Figure 6.. Hallmark cytological features of chromothripsis after a genome editing approach for the treatment of sickle cell disease
Human CD34+ HSPCs were electroporated with Cas9/gRNA RNP targeting the erythroid-specific enhancer of BCL11A. Microscopic analysis of micronucleation was performed 24 h post electroporation. (a) Editing efficiency of BCL11A determined from amplicon sequencing. n = 3 experiments, Error bars: mean +/− SEM, two-tailed unpaired t-test). (b) Fetal hemoglobin (HbF) levels were measured by HPLC in erythroid-differentiated CD34+ HSPCs as a functional readout of successful editing of BCL11A 10 days after RNP electroporation. n = 3 experiments, Error bars: mean +/− SEM, two-tailed unpaired t-test). (c) Percent of cells with a micronucleus (n = 3 experiments with 7827 and 6480 cells counted, left to right). Error bars: mean +/− SEM, two-tailed Fisher’s exact test. (d) Percent of cells with aberrant 2p copy number assayed by FISH (n = 2 experiments with 1957, 1926, 74, cells counted, left to right). (e) Representative FISH image of data in (d). Cut site is represented by a pink arrowhead; DNA is blue; telomere proximal probe is red, and marked by arrows; centromere proximal probe is green.
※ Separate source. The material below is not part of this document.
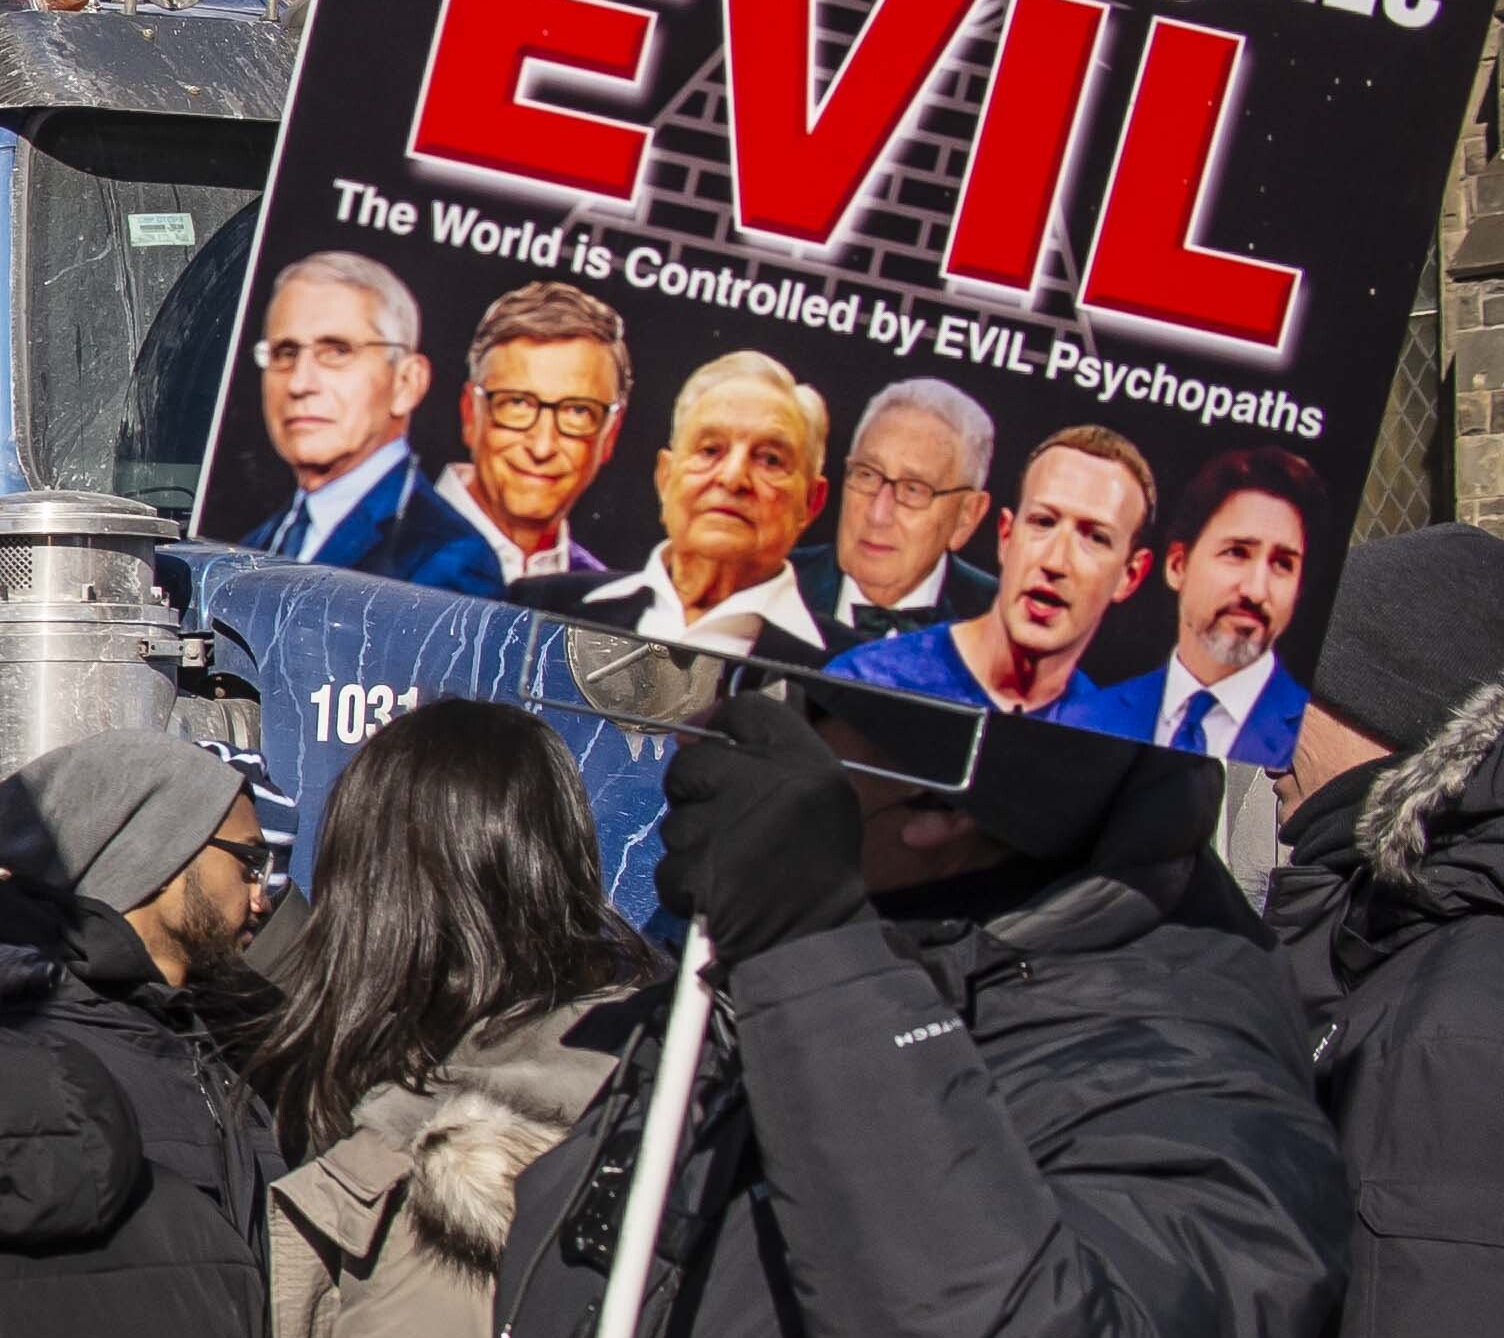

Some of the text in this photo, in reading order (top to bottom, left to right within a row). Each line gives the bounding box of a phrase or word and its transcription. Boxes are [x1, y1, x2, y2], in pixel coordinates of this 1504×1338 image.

Shown is a micronucleated cell with 3 copies of the cut arm, two of which are in the micronucleus. Scale bar 5 μm. (f) Chr2p breaks present 24 hours after electroporation in metaphase visualized by SKY (n = 2 experiments, 400 spreads per condition). (g) Sample SKY image from (f). (h) Percent of CD34+ CRISPR-MN with extensive DNA damage covering the DNA present in the micronucleus by γH2AX-labeling (n = 3 experiments, 135 micronuclei scored). Error bars: mean +/− SEM. (i) Representative image of data in (h). Scale bar 5 μm.